Elected as a delegate to the Democratic Convention in Chicago,  Hanlen headed across the country by train and emerged upon a convention center nicknamed “The Wigwam.”  Shown here it was a temporary building that had been thrown up in 30 days, located on Michigan Avenue between Washington and Madison.  Whatever excitement Christian experienced as a delegate, the Wigwam provided much of it.   The first day of the convention was marred by a rainstorm when the building sprung a massive leak.  Delegates were opening  umbrellas inside.  The following day as nominations were made, the roof broke again during a rain, showering the delegates.
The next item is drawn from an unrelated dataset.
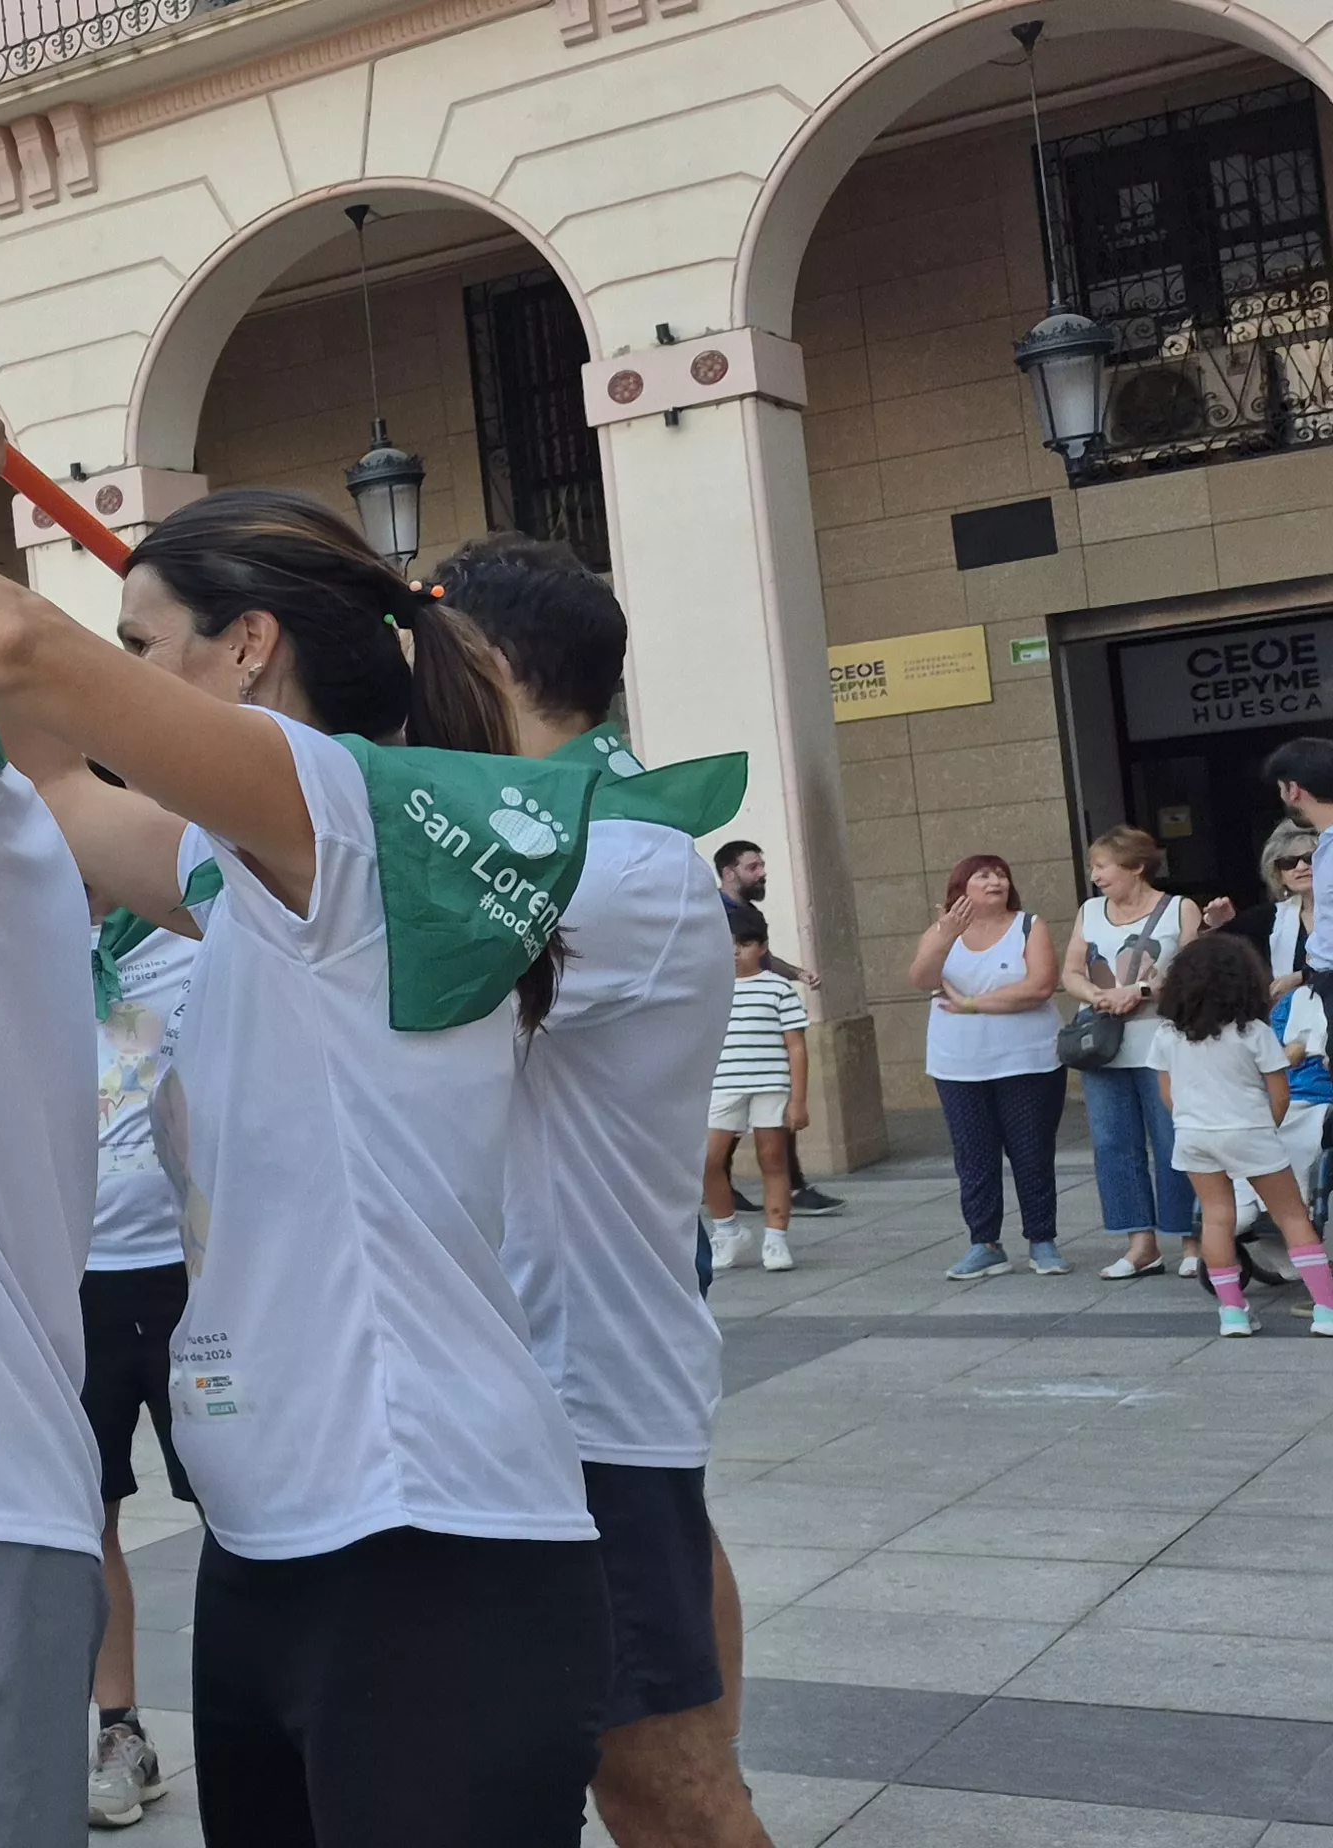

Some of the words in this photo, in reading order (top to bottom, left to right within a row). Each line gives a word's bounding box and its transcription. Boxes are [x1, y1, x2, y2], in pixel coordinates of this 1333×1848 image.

Presidential balloting did not begun until 3 a.m. that morning.  Cleveland received enough votes to be nominated on the first ballot.  When the convention broke up at almost 5 a.m. Hanlen presumably was tired but  jubilant.   He would celebrate again on the night of the general election when Cleveland went on to victory and a return to the Presidency.

The Hanlens apparently suffered a genetically based heart problem.  At the age of 55 and at the height of his financial and social success Christian became increasingly ill and on May 3, 1898, died.  The diagnosis was “fatty degeneration of the heart.”  Sons Frederick and Irvin took over management of the liquor business,  keeping the name, Hanlen Bros.  The brothers seem to have added a new brand of whiskey called “98,”  perhaps commemorating the year of their father’s death.  Was the bulldog on the tip tray shown here a hint at Christian’s personality?

The Hanlen heart troubles were destined to strike soon again.  In 1908, after a long illness that confined him to his home, Irvin died at the age of 34. His brother Frederick, also young, had preceded him in death by 10 weeks.  They left behind a grieving mother and their two sisters.   By the time of the brothers’ deaths they already had sold their liquor business to a Harrisburg resident who kept the Hanlen name.  He was unable to sustain the Hanlen family  business acumen, however, and the company disappeared from city directories in 1909.

Christian Hanlen throughout his life was on the winning side.  He could not, however, beat an apparent genetic flaw that prematurely took his life and later apparently the lives of his sons.  Christian is interred in Marietta Cemetery in the Pennsylvania town where he was born.  Beside him lies his wife, Anne, who died in 1923.  She had been widowed for 25 years.